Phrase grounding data
════════════════════
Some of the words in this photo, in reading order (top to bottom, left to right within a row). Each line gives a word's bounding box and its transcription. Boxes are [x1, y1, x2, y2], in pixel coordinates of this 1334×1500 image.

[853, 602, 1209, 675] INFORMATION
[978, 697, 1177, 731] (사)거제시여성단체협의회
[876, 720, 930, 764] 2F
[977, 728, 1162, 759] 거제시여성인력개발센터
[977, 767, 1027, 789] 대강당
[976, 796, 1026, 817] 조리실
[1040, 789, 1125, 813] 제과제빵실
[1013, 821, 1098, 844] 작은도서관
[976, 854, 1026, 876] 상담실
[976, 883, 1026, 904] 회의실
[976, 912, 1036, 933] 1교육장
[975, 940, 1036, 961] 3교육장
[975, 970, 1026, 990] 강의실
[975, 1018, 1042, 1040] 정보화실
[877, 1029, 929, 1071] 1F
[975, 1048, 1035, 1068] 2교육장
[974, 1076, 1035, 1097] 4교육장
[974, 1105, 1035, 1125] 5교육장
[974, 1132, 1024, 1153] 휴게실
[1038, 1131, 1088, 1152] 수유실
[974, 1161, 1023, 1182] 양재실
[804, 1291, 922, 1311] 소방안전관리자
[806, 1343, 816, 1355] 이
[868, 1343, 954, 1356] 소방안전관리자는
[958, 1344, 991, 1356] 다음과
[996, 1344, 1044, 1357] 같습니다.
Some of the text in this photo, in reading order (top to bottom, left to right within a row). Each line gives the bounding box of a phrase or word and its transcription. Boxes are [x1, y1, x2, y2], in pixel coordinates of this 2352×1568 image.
════════════════════
> **What you need to do**: Could you retype every line of the data exactly?

> **Solution for this task**:
Some of the words in this photo, in reading order (top to bottom, left to right within a row). Each line gives a word's bounding box and its transcription. Boxes are [x1, y1, x2, y2], in pixel coordinates of this 1334×1500 image.

[853, 602, 1209, 675] INFORMATION
[978, 697, 1177, 731] (사)거제시여성단체협의회
[876, 720, 930, 764] 2F
[977, 728, 1162, 759] 거제시여성인력개발센터
[977, 767, 1027, 789] 대강당
[976, 796, 1026, 817] 조리실
[1040, 789, 1125, 813] 제과제빵실
[1013, 821, 1098, 844] 작은도서관
[976, 854, 1026, 876] 상담실
[976, 883, 1026, 904] 회의실
[976, 912, 1036, 933] 1교육장
[975, 940, 1036, 961] 3교육장
[975, 970, 1026, 990] 강의실
[975, 1018, 1042, 1040] 정보화실
[877, 1029, 929, 1071] 1F
[975, 1048, 1035, 1068] 2교육장
[974, 1076, 1035, 1097] 4교육장
[974, 1105, 1035, 1125] 5교육장
[974, 1132, 1024, 1153] 휴게실
[1038, 1131, 1088, 1152] 수유실
[974, 1161, 1023, 1182] 양재실
[804, 1291, 922, 1311] 소방안전관리자
[806, 1343, 816, 1355] 이
[868, 1343, 954, 1356] 소방안전관리자는
[958, 1344, 991, 1356] 다음과
[996, 1344, 1044, 1357] 같습니다.
Some of the text in this photo, in reading order (top to bottom, left to right within a row). Each line gives the bounding box of a phrase or word and its transcription. Boxes are [x1, y1, x2, y2], in pixel coordinates of this 2352×1568 image.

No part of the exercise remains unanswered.